Using tabledap to Request Data and Graphs from Tabular Datasets

tabledap lets you request a data subset, a graph, or a map from a tabular dataset (for example, buoy data), via a specially formed URL. tabledap uses the OPeNDAP (external link)

Data Access Protocol (DAP) (external link)

and its selection constraints (external link)

The URL specifies what you want: the dataset, a description of the graph or the subset of the data, and the file type for the response.

(easy) You can get data by using the dataset's Data Access Form or Subset form. They make the URL for you.
(easy) You can make a graph or map by using the dataset's Make A Graph form.
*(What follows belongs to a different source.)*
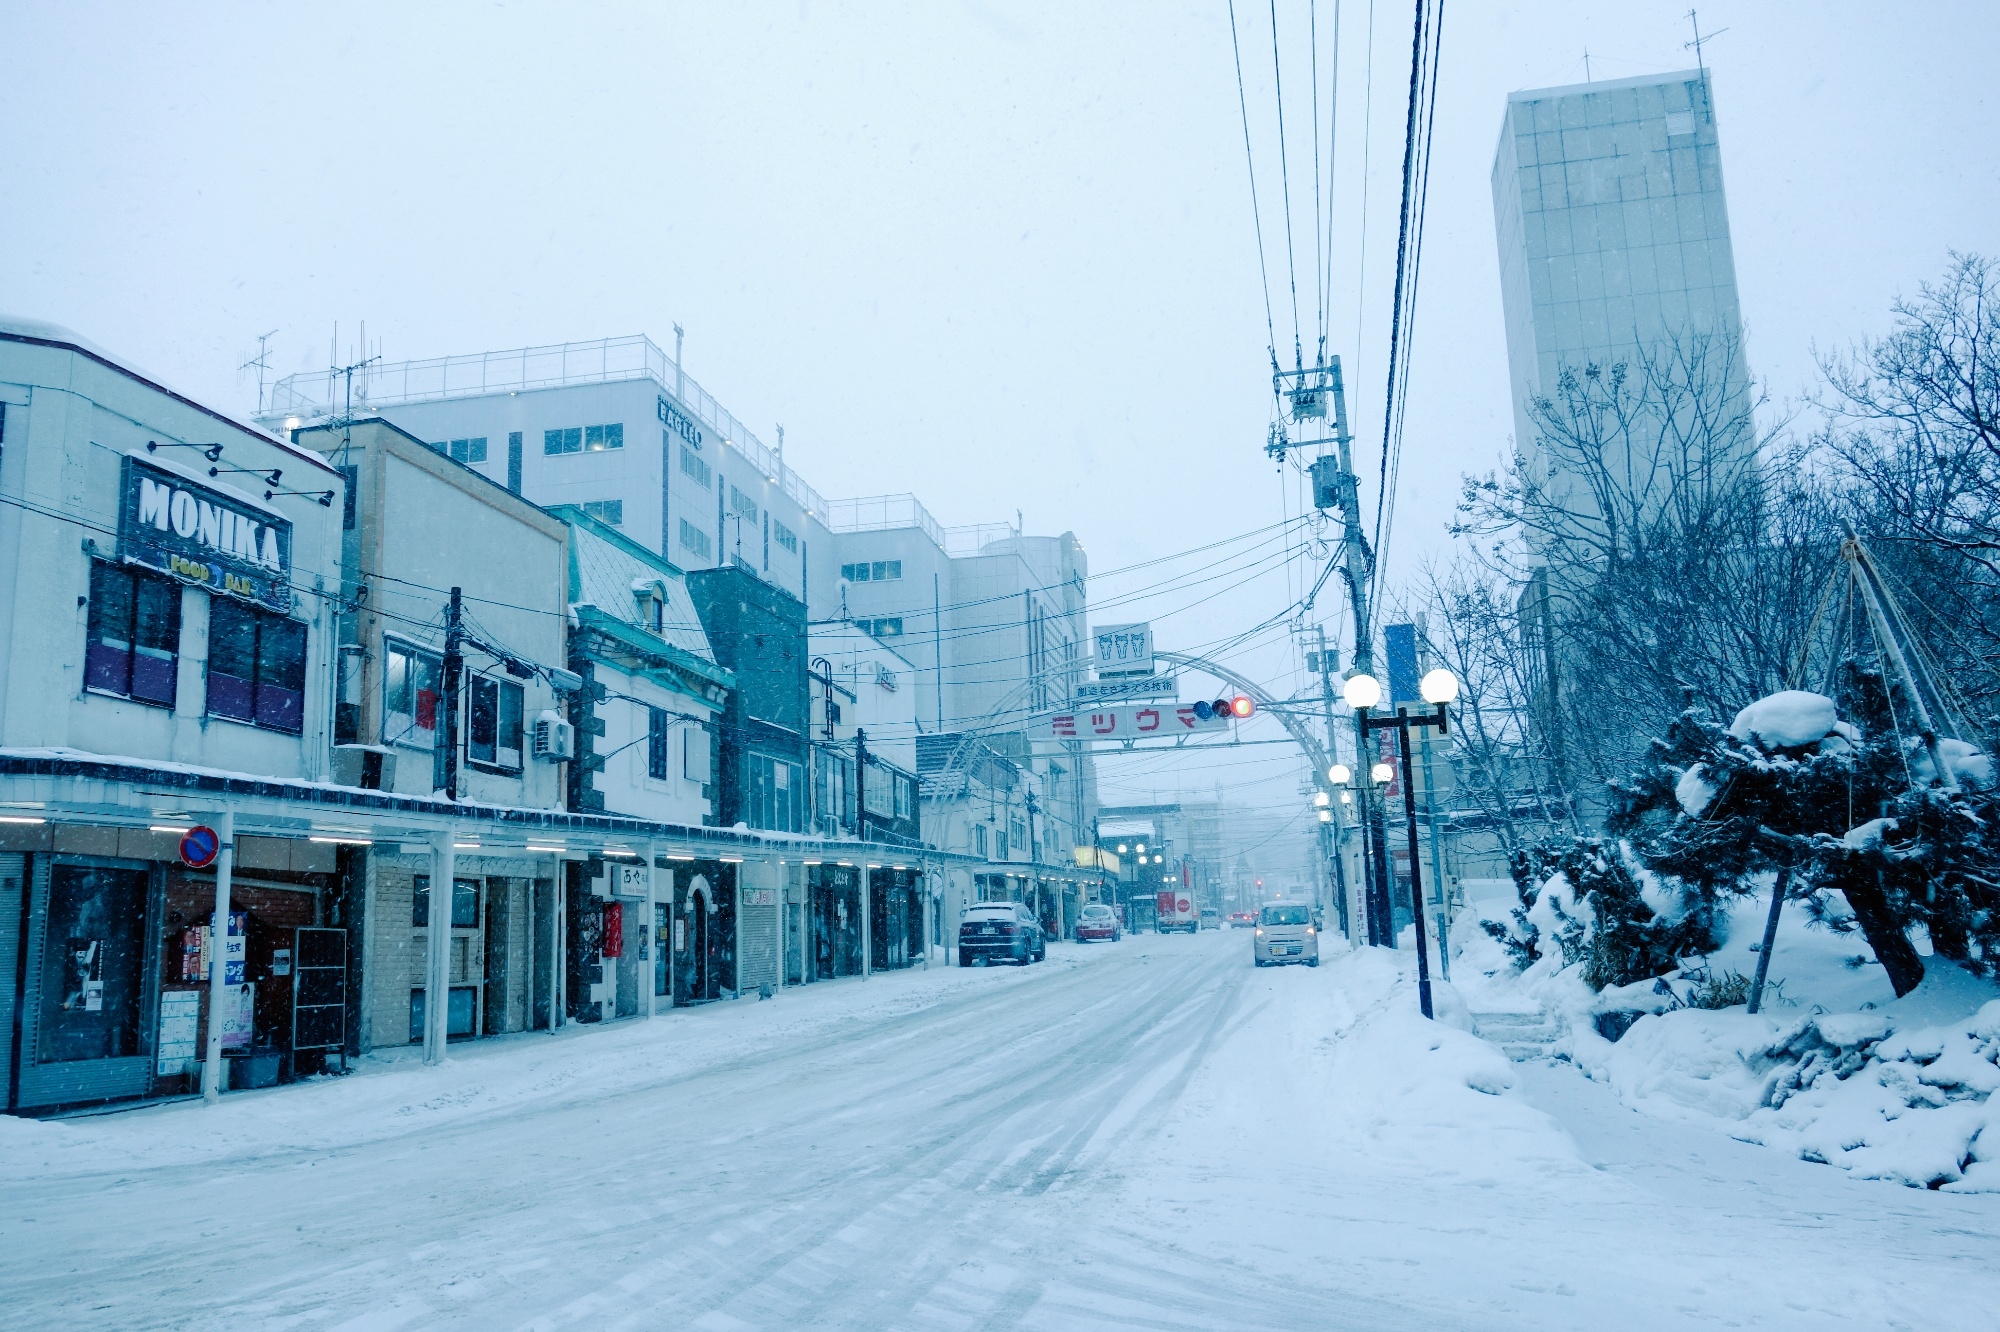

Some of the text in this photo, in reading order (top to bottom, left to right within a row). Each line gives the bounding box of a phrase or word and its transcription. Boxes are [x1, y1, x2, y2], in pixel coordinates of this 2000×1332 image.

[138, 477, 281, 572] MONIKA
[170, 553, 250, 595] FOOD BAR
[1077, 682, 1172, 698] 創造をささえる技術
[1052, 708, 1196, 736] ミツウマ
It makes the URL for you.
(not hard) You can bypass the forms and get the data or make a graph or map by generating the URL by hand or with a computer program or script.

Tabledap request URLs must be in the form
https://coastwatch.pfeg.noaa.gov/erddap/tabledap/datasetID.fileType{?query}
For example,
https://coastwatch.pfeg.noaa.gov/erddap/tabledap/pmelTaoDySst.htmlTable?longitude,latitude,time,station,wmo_platform_code,T_25&time>=2015-05-23T12:00:00Z&time<=2015-05-31T12:00:00Z
Thus, the query is often a comma-separated list of desired variable names, followed by a collection of constraints (e.g., variable<value), each preceded by '&' (which is interpreted as "AND").

For details, see the tabledap Documentation.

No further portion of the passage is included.